É uma das perguntas mais básicas, porém a mais crucial. Os casos confirmados em todo o mundo já passaram de um milhão, mas isso é apenas uma fração do total de infecções. Infelizmente, os números podem ser mais altos devido ao contingente ainda desconhecido de casos assintomáticos — pessoas que têm o vírus, mas não se sentem doentes. Os testes que detectam anticorpos permitirão aos pesquisadores saber se alguém já teve o vírus. Somente assim é possível entender quão longe ou quão facilmente o coronavírus está se espalhando.
2. Qual a letalidade do vírus?

Até que o número de casos não seja totalmente claro, é impossível ter certeza da taxa de letalidade. A Organização Mundial da Saúde (OMS) aponta que 3,4% das pessoas infectadas pelo vírus morrem, mas há cientistas que estimam que esse índice gire em torno de 1%. Porém, essa taxa pode ser diferente devido àqueles pacientes assintomáticos.
3. Quais são todos os sintomas?

Os principais sintomas do coronavírus são febre alta e tosse seca. Dor de garganta, dor de cabeça e diarreia também foram relatados em alguns casos, e há indícios crescentes de que alguns perdem o olfato. Porém, a questão mais emergente é se sintomas leves da gripe, como coriza ou espirros, estão presentes em alguns pacientes.
4. Qual o papel das crianças na propagação do vírus?

As crianças podem pegar o coronavírus como qualquer outra pessoa de outra faixa etária. No entanto, geralmente desenvolvem sintomas leves, e há relativamente poucas mortes entre crianças em comparação com outras faixas etárias. As crianças normalmente são superdisseminadoras de doenças, em parte porque entram em contato com muitas pessoas. Porém, com esse vírus, não está claro até que ponto elas ajudam a espalhá-lo.
5. De onde realmente veio o vírus?

O novo coronavírus surgiu em Wuhan, na China, no final de 2019, onde havia um conjunto de casos com origem relacionada a um mercado de animais. O vírus está intimamente ligado a um tipo de vírus que infecta morcegos, no entanto, acredita-se que tenha sido passado de morcegos para uma outra espécie animal ainda desconhecida, que depois o transmitiu às pessoas. Esse “elo perdido” permanece desconhecido e pode ser uma fonte de mais infecções.
6. O verão pode minimizar o contágio?

Gripes e resfriados são mais comuns nos meses de inverno do que no verão, mas ainda não se sabe se o clima mais quente alterará a propagação do vírus. Os consultores científicos do governo do Reino Unido alertaram que não está claro se haverá um efeito sazonal. Se houver, eles acham que é provável que seja menor do que o de resfriados e gripes.
7. Por que algumas pessoas têm sintomas mais graves?

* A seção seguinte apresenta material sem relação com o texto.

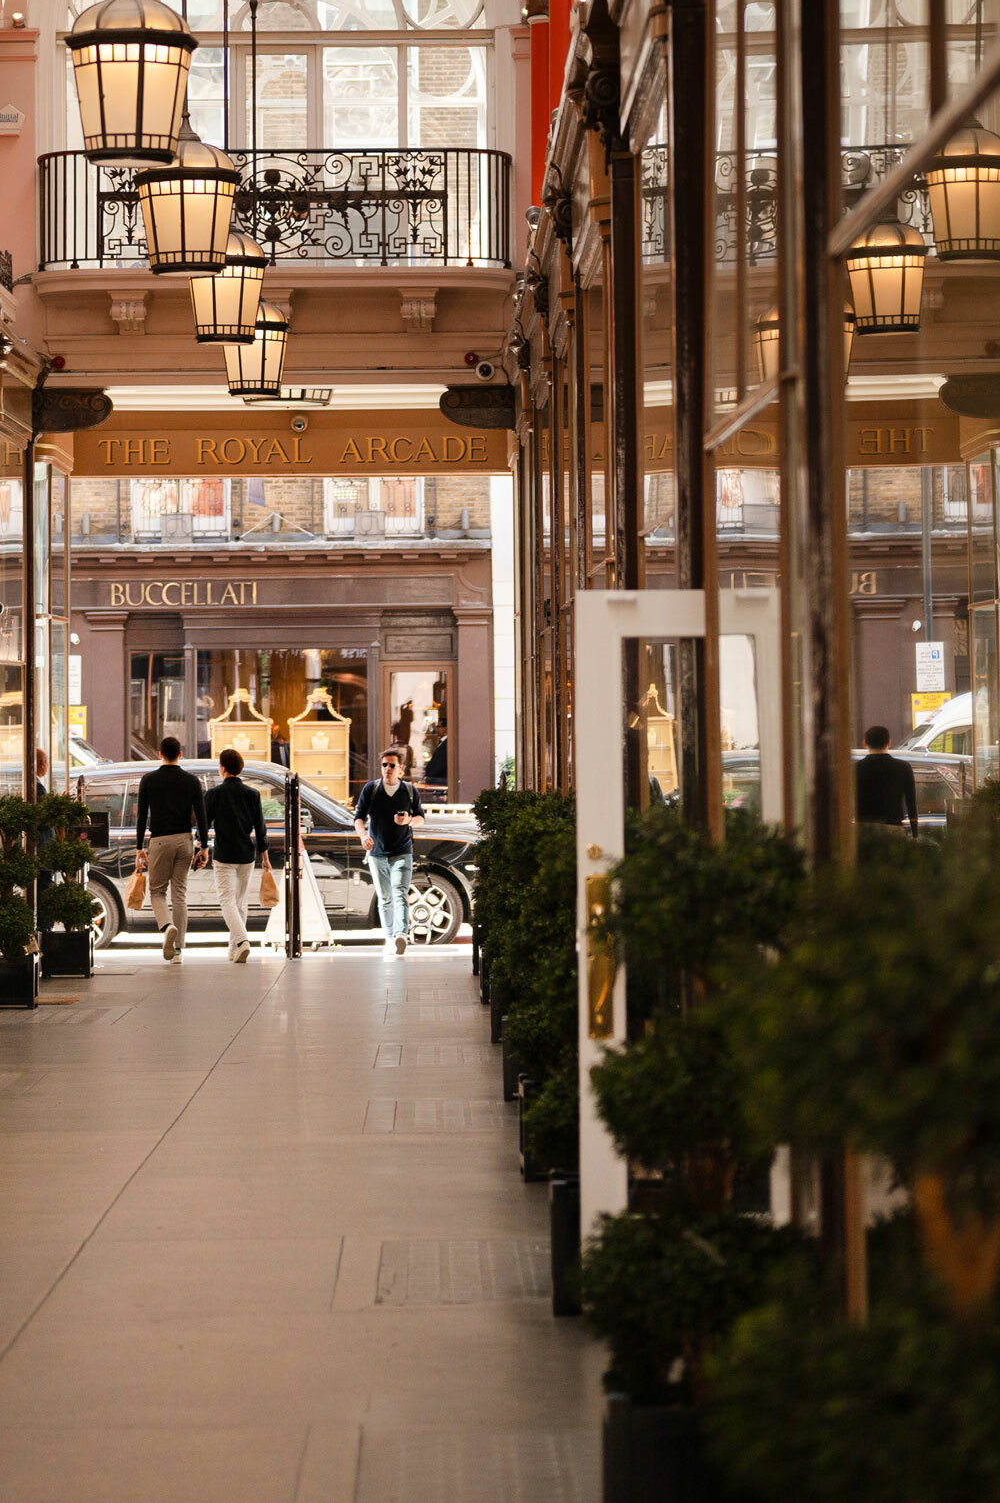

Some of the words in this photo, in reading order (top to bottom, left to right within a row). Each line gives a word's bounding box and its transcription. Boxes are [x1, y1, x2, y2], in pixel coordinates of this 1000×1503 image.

A covid-19 é uma infecção leve para a maioria das pessoas. No entanto, cerca de 20% desenvolvem formas mais graves, mas por quê? O estado do sistema imunológico de uma pessoa parece ser parte do problema, e também pode haver algum fator genético. A compreensão disso pode levar a maneiras de impedir que as pessoas precisem de cuidados intensivos.
8. A pessoa infectada se torna imune à novo contágio?

Após a infecção e a cura, os pacientes devem construir uma resposta imune.
Porém, como a doença ainda é pouco estudada, faltam dados mais completos. Os pacientes que aparentemente foram infectados duas vezes podem ter sido testados incorretamente, o que apontaria incorretamente que estavam livres do vírus. A questão da imunidade é vital para entender o que acontecerá a longo prazo.
9. O vírus sofrerá mutação?

Vírus sofrem mutação o tempo todo, mas a maioria das alterações em seu código genético não tem grande diferença. Como regra geral, é esperado que os vírus evoluam para ser menos mortais a longo prazo, mas isso não é regra. A preocupação é que, se o vírus sofrer mutação, o sistema imunológico não o reconhecerá mais, e uma vacina específica deixará de funcionar (como acontece com a gripe).